Glass Cleaner. In a spray bottle, combine 1 cup rubbing alcohol, 1 cup water, and 1 tablespoon vinegar. Shake before each use. To use, spray on glass surface or mirror, and wipe with a clean cloth. If you'd rather not use rubbing alcohol, just leave it out.

All-Purpose Cleaner. In a spray bottle, combine 2 cups water, 2 tablespoons lemon juice, 1/2 teaspoon liquid dish soap, 1 tablespoon baking soda, and 1 teaspoon borax. Shake well before using to clean any hard surface, including granite and marble.

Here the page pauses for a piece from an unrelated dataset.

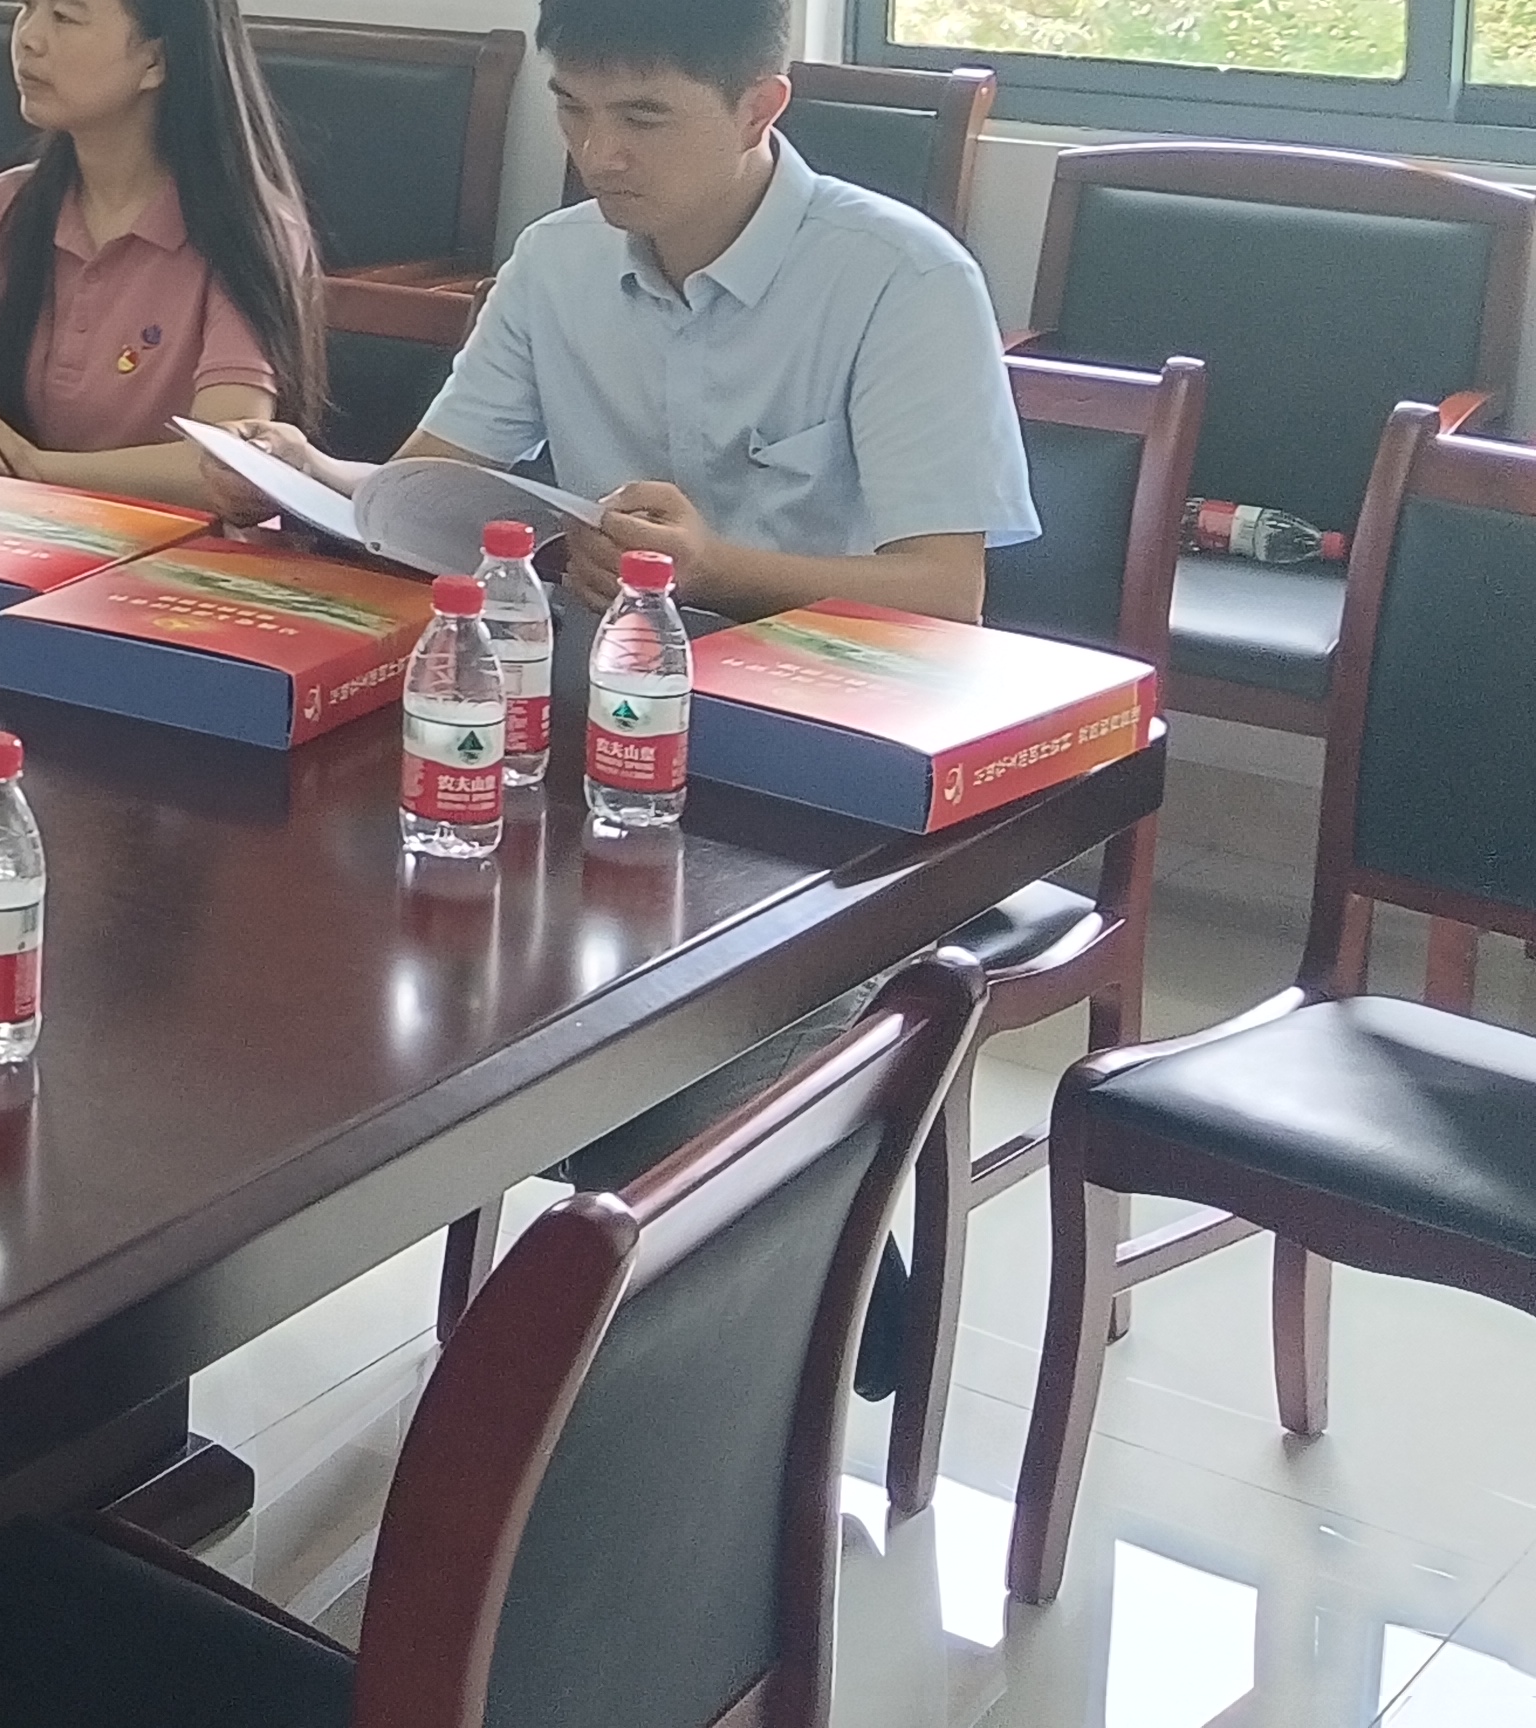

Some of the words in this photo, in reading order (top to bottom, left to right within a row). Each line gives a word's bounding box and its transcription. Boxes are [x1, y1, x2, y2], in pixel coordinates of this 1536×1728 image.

[595, 737, 657, 761] 农夫山泉
[436, 774, 496, 793] 农夫山泉
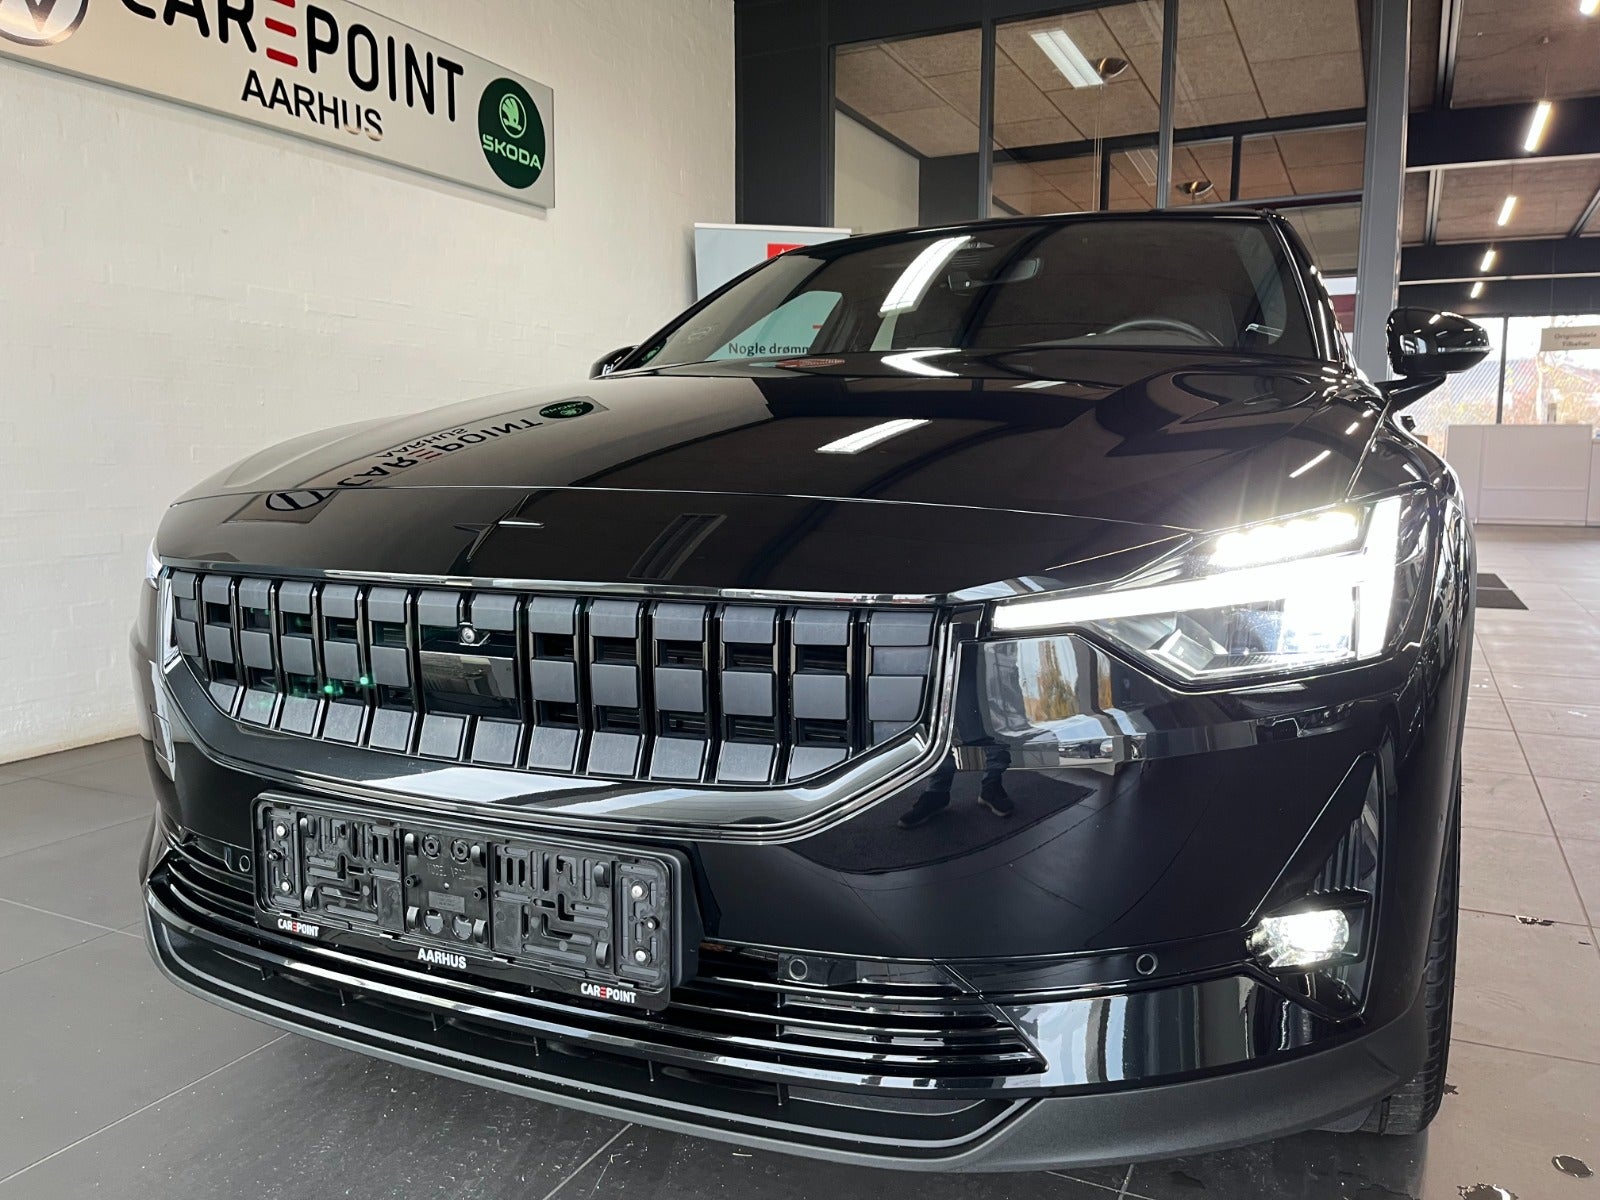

Air Freshener. In a spray bottle, combine 1 teaspoon baking soda, 1 tablespoon white vinegar, and 2 cups water. Set aside until fi zzing stops, then put on the lid and swirl gently to mix. Shake before each use. To use, spray into the air. If desired, add the juice of 1/2 to 1 lemon for an even fresher smell.

Furniture Polish. In a spray bottle, mix 1/4 cup white vinegar, 1/2 teaspoon lemon juice, and 2 tablespoons vegetable or mineral oil. To use, spray on a soft rag, and rub on wood furniture. Shake before each use.